## ASSIGNMENT
Output every entry exactly as given.

*** STORED DATA Section Begins ***

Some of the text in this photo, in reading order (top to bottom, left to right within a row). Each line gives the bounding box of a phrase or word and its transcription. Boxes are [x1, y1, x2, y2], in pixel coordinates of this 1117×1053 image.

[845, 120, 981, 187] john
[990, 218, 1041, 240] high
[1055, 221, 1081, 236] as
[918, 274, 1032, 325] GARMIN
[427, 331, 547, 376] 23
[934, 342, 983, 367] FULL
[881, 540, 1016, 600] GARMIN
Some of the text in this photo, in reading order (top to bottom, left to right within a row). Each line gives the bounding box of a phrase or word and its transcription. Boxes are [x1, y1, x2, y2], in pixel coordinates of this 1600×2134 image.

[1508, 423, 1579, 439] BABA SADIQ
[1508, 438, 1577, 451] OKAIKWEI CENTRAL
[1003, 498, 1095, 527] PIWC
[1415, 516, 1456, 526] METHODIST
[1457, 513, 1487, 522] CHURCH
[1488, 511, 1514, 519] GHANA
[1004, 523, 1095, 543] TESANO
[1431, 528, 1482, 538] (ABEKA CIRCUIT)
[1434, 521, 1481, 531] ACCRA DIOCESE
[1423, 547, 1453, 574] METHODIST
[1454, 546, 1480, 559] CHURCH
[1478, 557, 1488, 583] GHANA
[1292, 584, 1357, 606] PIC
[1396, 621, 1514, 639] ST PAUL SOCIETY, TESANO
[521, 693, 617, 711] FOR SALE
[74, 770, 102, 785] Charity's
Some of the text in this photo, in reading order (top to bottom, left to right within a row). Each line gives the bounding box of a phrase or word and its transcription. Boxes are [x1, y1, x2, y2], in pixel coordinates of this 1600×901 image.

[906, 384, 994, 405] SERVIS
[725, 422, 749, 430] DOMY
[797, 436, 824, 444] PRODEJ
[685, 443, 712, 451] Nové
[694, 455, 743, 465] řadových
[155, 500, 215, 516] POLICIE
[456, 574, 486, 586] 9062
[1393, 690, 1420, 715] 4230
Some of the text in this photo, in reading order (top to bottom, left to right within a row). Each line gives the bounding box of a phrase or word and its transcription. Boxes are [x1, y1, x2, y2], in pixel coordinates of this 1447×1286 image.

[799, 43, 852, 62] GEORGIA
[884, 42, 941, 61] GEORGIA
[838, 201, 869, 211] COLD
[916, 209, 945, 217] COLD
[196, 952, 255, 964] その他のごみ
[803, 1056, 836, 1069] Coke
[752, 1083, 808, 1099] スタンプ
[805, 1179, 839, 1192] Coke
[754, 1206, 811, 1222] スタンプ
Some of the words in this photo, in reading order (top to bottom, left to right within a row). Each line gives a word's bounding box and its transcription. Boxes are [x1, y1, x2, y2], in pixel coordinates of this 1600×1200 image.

*** STORED DATA Section Ends ***

## REPLY TO THE EXERCISE
Some of the text in this photo, in reading order (top to bottom, left to right within a row). Each line gives the bounding box of a phrase or word and its transcription. Boxes are [x1, y1, x2, y2], in pixel coordinates of this 1117×1053 image.

[845, 120, 981, 187] john
[990, 218, 1041, 240] high
[1055, 221, 1081, 236] as
[918, 274, 1032, 325] GARMIN
[427, 331, 547, 376] 23
[934, 342, 983, 367] FULL
[881, 540, 1016, 600] GARMIN
Some of the text in this photo, in reading order (top to bottom, left to right within a row). Each line gives the bounding box of a phrase or word and its transcription. Boxes are [x1, y1, x2, y2], in pixel coordinates of this 1600×2134 image.

[1508, 423, 1579, 439] BABA SADIQ
[1508, 438, 1577, 451] OKAIKWEI CENTRAL
[1003, 498, 1095, 527] PIWC
[1415, 516, 1456, 526] METHODIST
[1457, 513, 1487, 522] CHURCH
[1488, 511, 1514, 519] GHANA
[1004, 523, 1095, 543] TESANO
[1431, 528, 1482, 538] (ABEKA CIRCUIT)
[1434, 521, 1481, 531] ACCRA DIOCESE
[1423, 547, 1453, 574] METHODIST
[1454, 546, 1480, 559] CHURCH
[1478, 557, 1488, 583] GHANA
[1292, 584, 1357, 606] PIC
[1396, 621, 1514, 639] ST PAUL SOCIETY, TESANO
[521, 693, 617, 711] FOR SALE
[74, 770, 102, 785] Charity's
Some of the text in this photo, in reading order (top to bottom, left to right within a row). Each line gives the bounding box of a phrase or word and its transcription. Boxes are [x1, y1, x2, y2], in pixel coordinates of this 1600×901 image.

[906, 384, 994, 405] SERVIS
[725, 422, 749, 430] DOMY
[797, 436, 824, 444] PRODEJ
[685, 443, 712, 451] Nové
[694, 455, 743, 465] řadových
[155, 500, 215, 516] POLICIE
[456, 574, 486, 586] 9062
[1393, 690, 1420, 715] 4230
Some of the text in this photo, in reading order (top to bottom, left to right within a row). Each line gives the bounding box of a phrase or word and its transcription. Boxes are [x1, y1, x2, y2], in pixel coordinates of this 1447×1286 image.

[799, 43, 852, 62] GEORGIA
[884, 42, 941, 61] GEORGIA
[838, 201, 869, 211] COLD
[916, 209, 945, 217] COLD
[196, 952, 255, 964] その他のごみ
[803, 1056, 836, 1069] Coke
[752, 1083, 808, 1099] スタンプ
[805, 1179, 839, 1192] Coke
[754, 1206, 811, 1222] スタンプ
Some of the words in this photo, in reading order (top to bottom, left to right within a row). Each line gives a word's bounding box and its transcription. Boxes are [x1, y1, x2, y2], in pixel coordinates of this 1600×1200 image.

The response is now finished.